If anything was known by the authorities, of the Indian killing episode, nothing was done about it. No one regretted the loss of these Indians, and no money could be made by prosecuting the offenders.

The quiet life Billy led in the plazas palled upon his senses, and, with his partner, he again took the road, or rather the mountain trails. There was always a dash of humor in Billy's most tragical adventures. Meeting a band of eight or ten Indians in the vicinity of San Simon, the two young fellows proposed and instituted a horse-race. Billy was riding a very superior animal, but made the race and bets on the inferior one ridden by his partner, against the best horse the Indians had. He also insisted that his partner should hold the stakes, consisting of money and revolvers.

Billy was to ride. Mounting his partner's horse, the word was given, and three, instead of two, horses shot out from the starting point. The interloper was Billy's partner, on Billy's horse. He could not restrain the fiery animal, which flew the track, took the bit in his teeth, and never slackened his headlong speed until he reached a deserted cattle ranch, many miles away from the improvised race track.

Billy lost the race, but who was the winner? His partner with all the stakes, was macadamizing the rocky trails, far beyond their ken, and far beyond successful pursuit. It required all Billy's Spanish eloquence, all his persuasive powers of speech and gesture, all his sweetest, most appealing expressions of infantile innocence, to convince the untutored and unreasoning savages that he, himself, was not only the greatest looser of them all, but that he was the victim of the perfidy of a traitor—to them a heinous crime. Had not he, Billy, taken all the bets, and lost them all? Whilst their loss was divided between a half-dozen, he had lost his horse, his arms, his money, his friends and his confidence in humanity, with nothing to show for it but an old plug of a pony that evidently could not win a race against a lame burro.

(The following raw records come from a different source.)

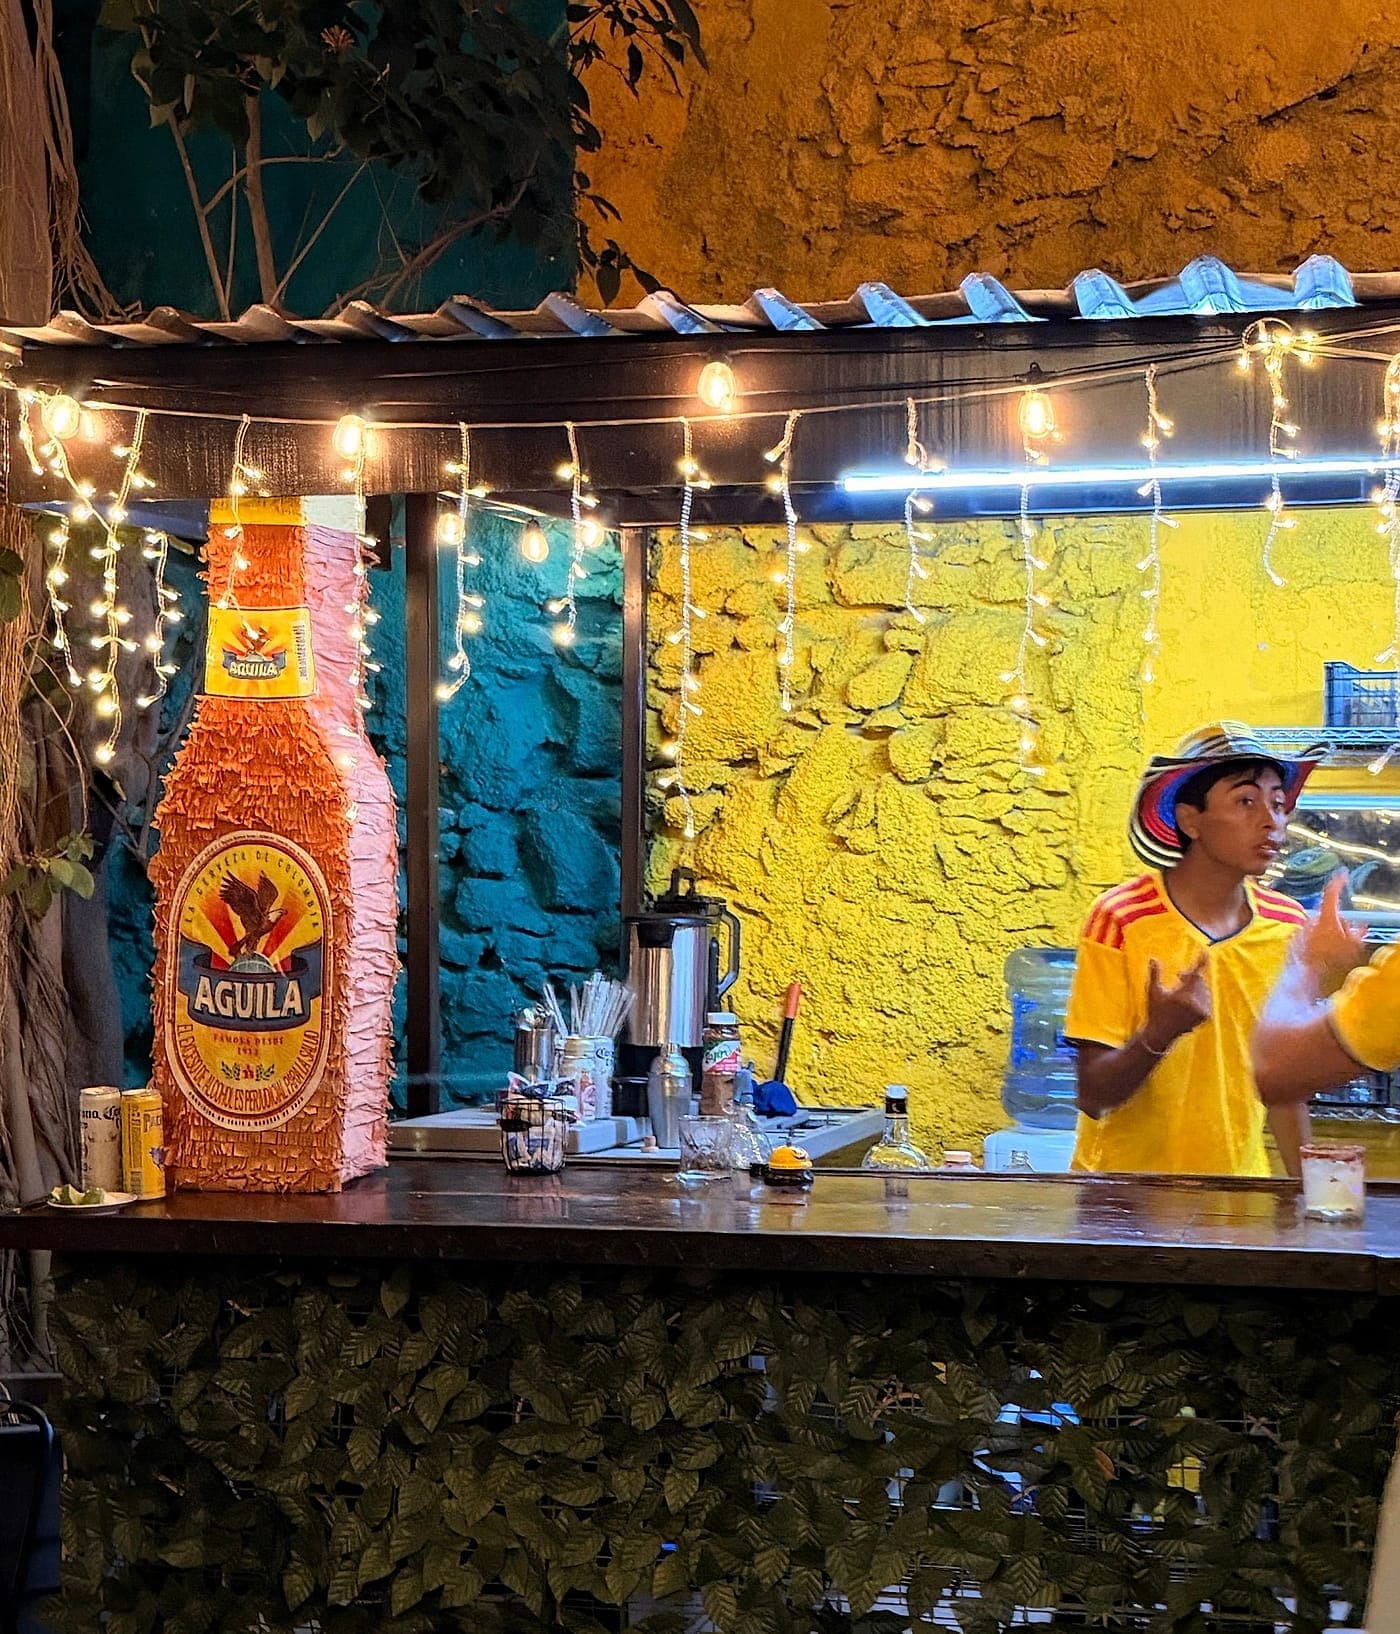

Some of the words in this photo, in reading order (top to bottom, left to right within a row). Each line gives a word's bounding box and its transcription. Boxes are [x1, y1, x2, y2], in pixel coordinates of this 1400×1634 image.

[229, 661, 277, 677] AGUILA
[256, 850, 269, 863] DE
[194, 975, 303, 1018] AGUILA
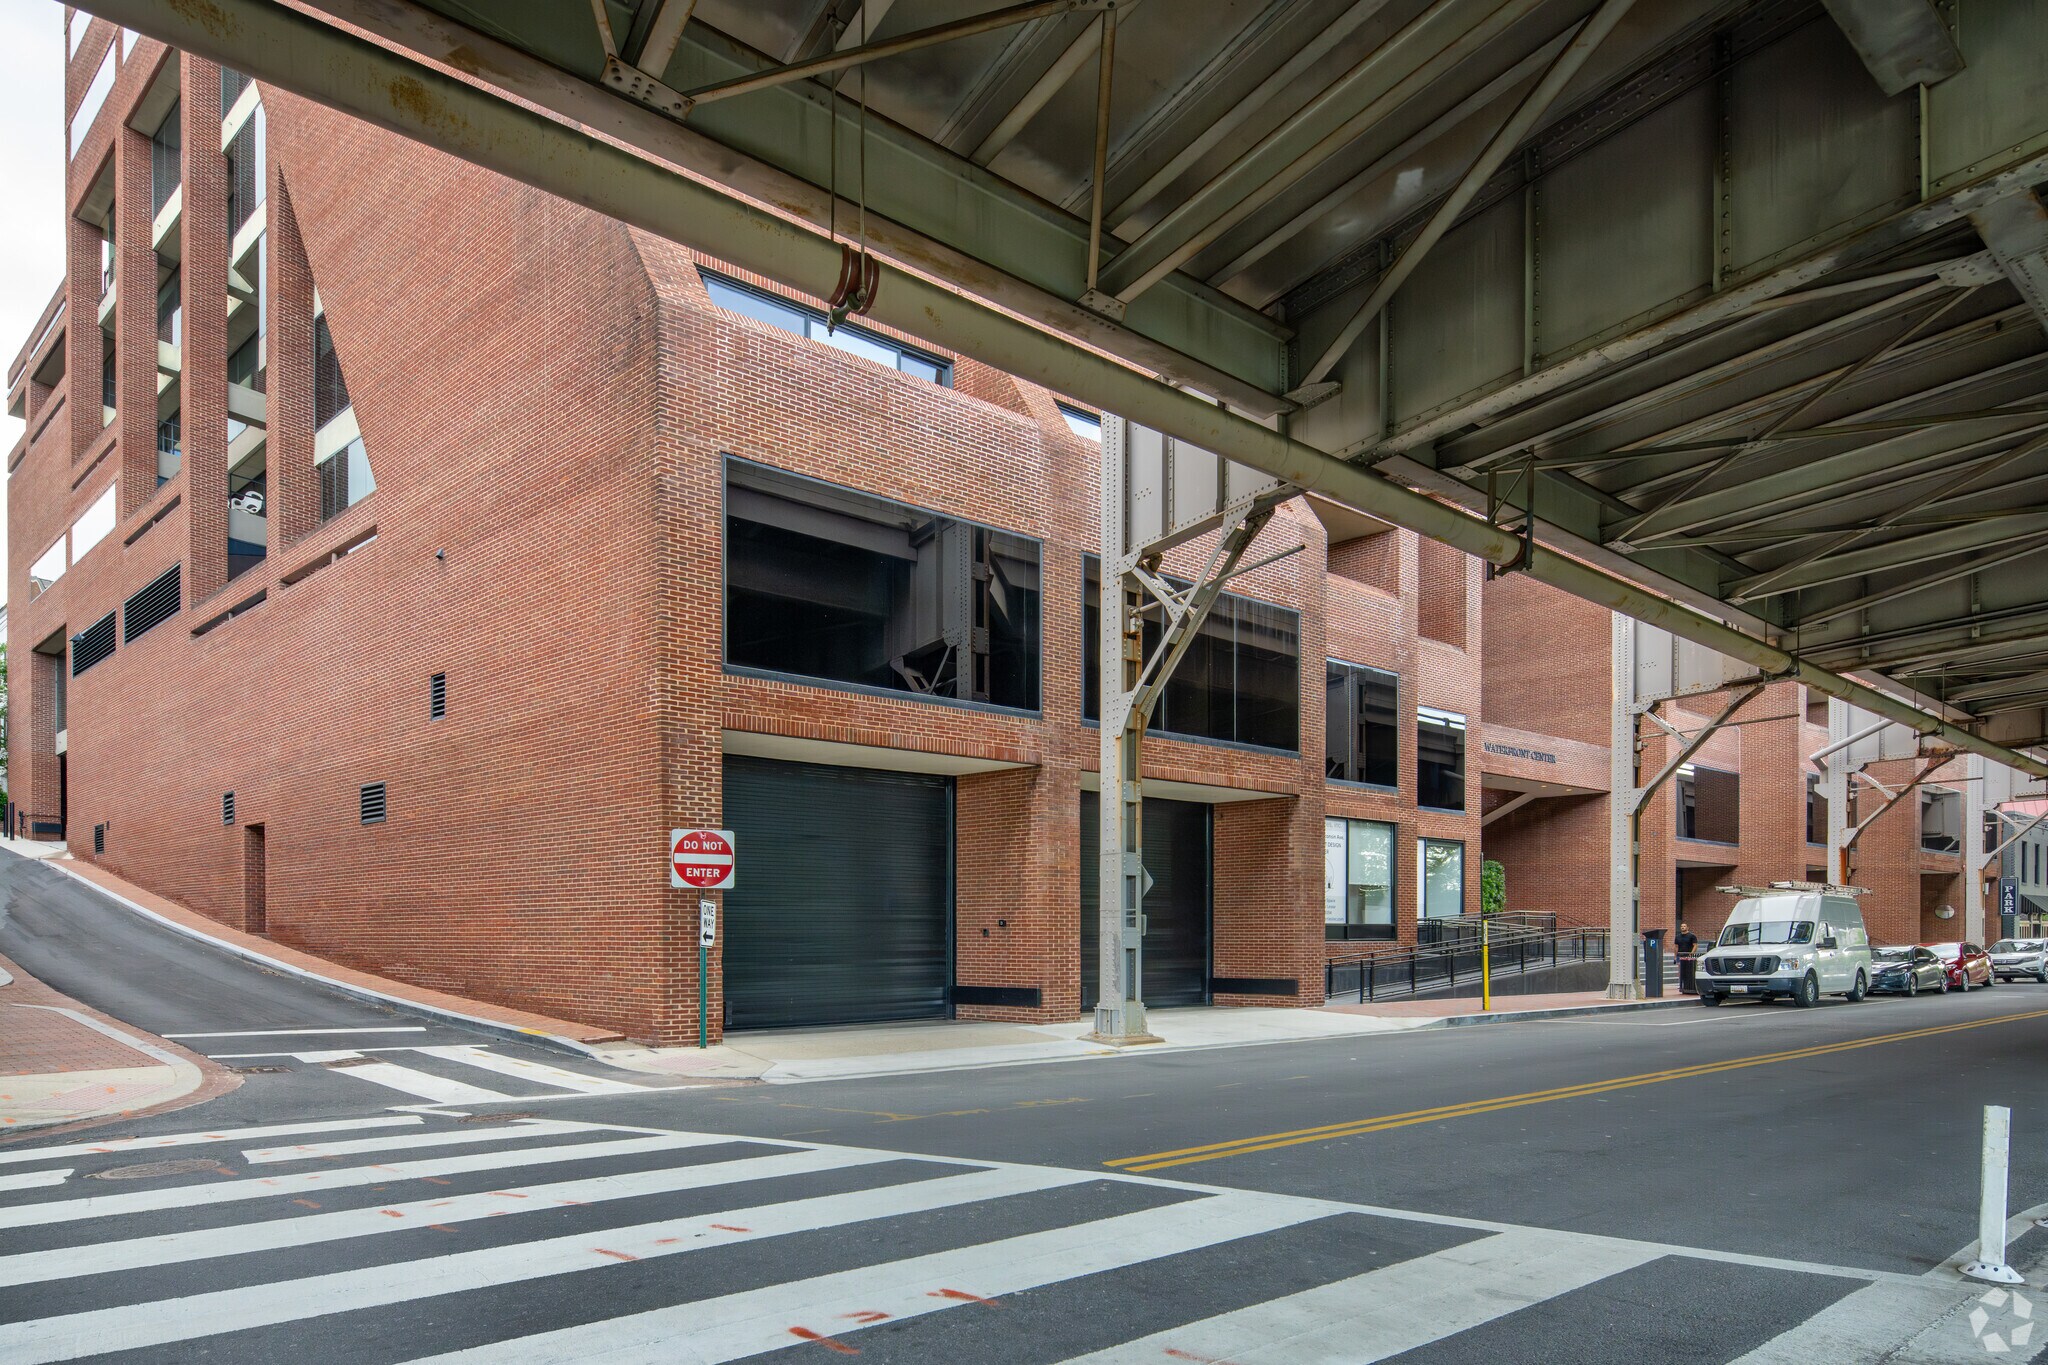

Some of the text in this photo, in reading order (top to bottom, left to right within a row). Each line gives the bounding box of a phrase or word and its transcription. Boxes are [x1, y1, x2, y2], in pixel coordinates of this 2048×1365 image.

[1484, 742, 1556, 763] WATERFRONT CENTER
[683, 840, 724, 851] DO NOT
[686, 867, 721, 878] ENTER
[2003, 885, 2014, 913] PARK
[703, 904, 715, 917] ONE
[703, 917, 715, 929] WAY
[1650, 939, 1656, 947] P
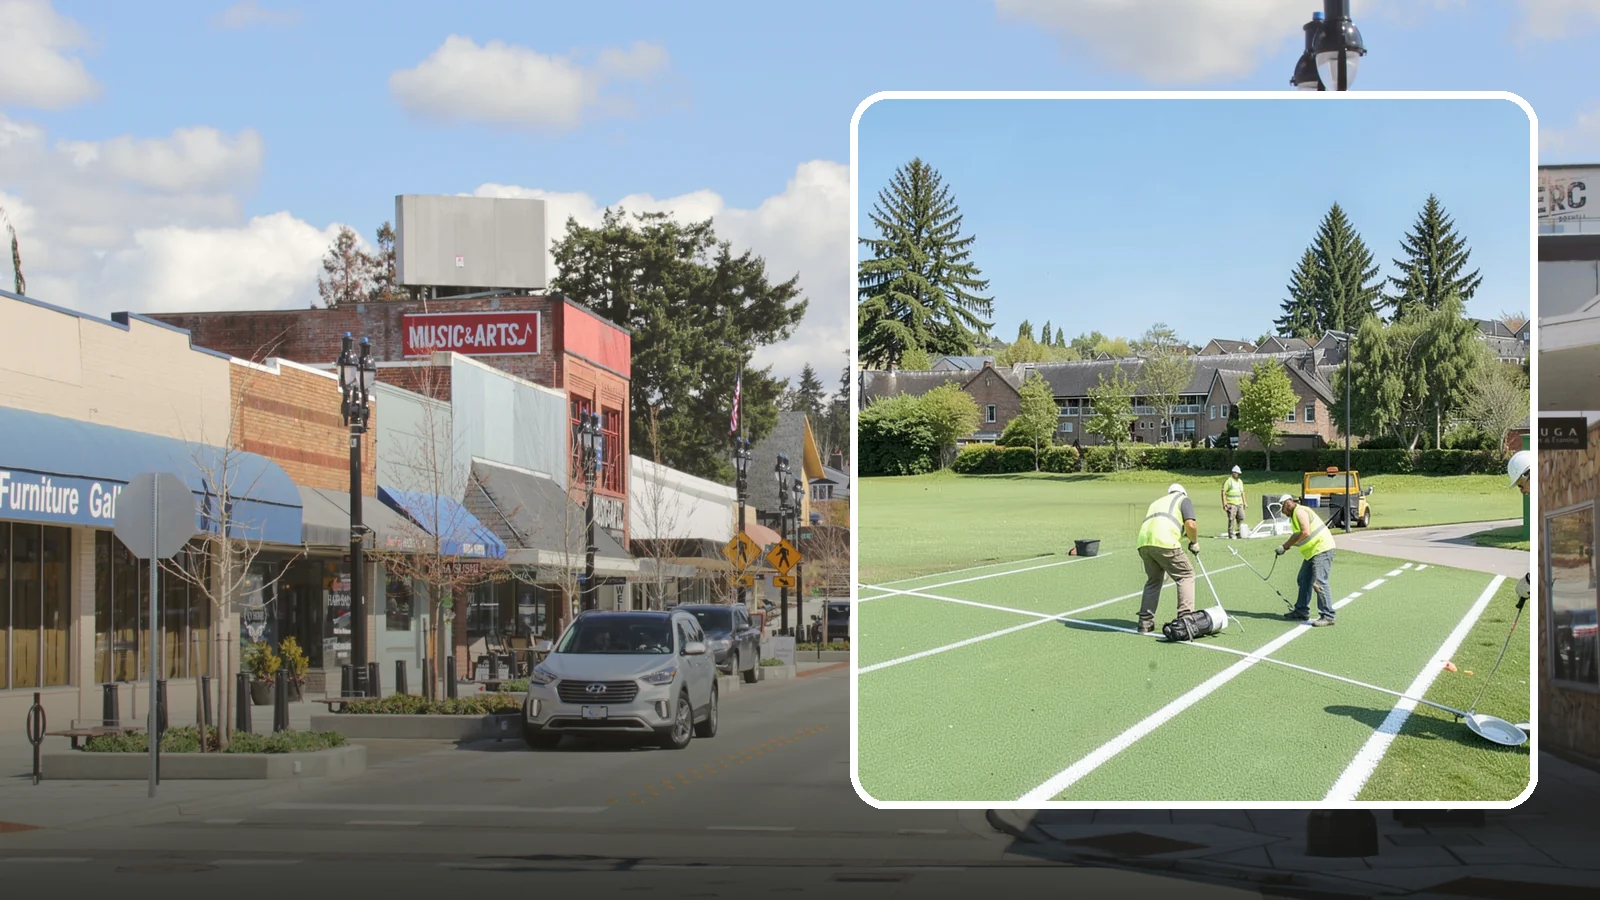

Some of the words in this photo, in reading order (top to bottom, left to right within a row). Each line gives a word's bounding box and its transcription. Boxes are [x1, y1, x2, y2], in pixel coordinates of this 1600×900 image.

[409, 323, 519, 349] MUSIC&ARTS
[0, 471, 79, 515] Furniture
[90, 482, 121, 519] Gal
[453, 563, 479, 574] SUSHI

When did youth and good looks, with well simulated injured innocence, backed by eloquence of tongue and hand-spiced with grief and righteous anger, fail to affect, even an Apache. With words of condolence and encouragement from his sympathizing victims, Billy rode sadly away. Two days thereafter, a hundred miles from thence, Billy might have been seen solemnly dividing spoils with his fugitive friend.

The last and darkest deed of which Billy was guilty in Arizona was the killing of a soldier blacksmith at Fort Bowie. The date and particulars of this killing are not upon record, and Billy was always reticent in regard to it. There are many conflicting rumors in regard thereto. Billy's defenders justify him on the ground that the victim was a bully, refused to yield up money fairly won from him, by Billy, in a game of cards, and precipitated his fate by attempting to inflict physical chastisement on a beardless boy. One thing is sure, this deed exiled Billy from Arizona, and he is next heard of in the State of Sonora, Republic of Mexico.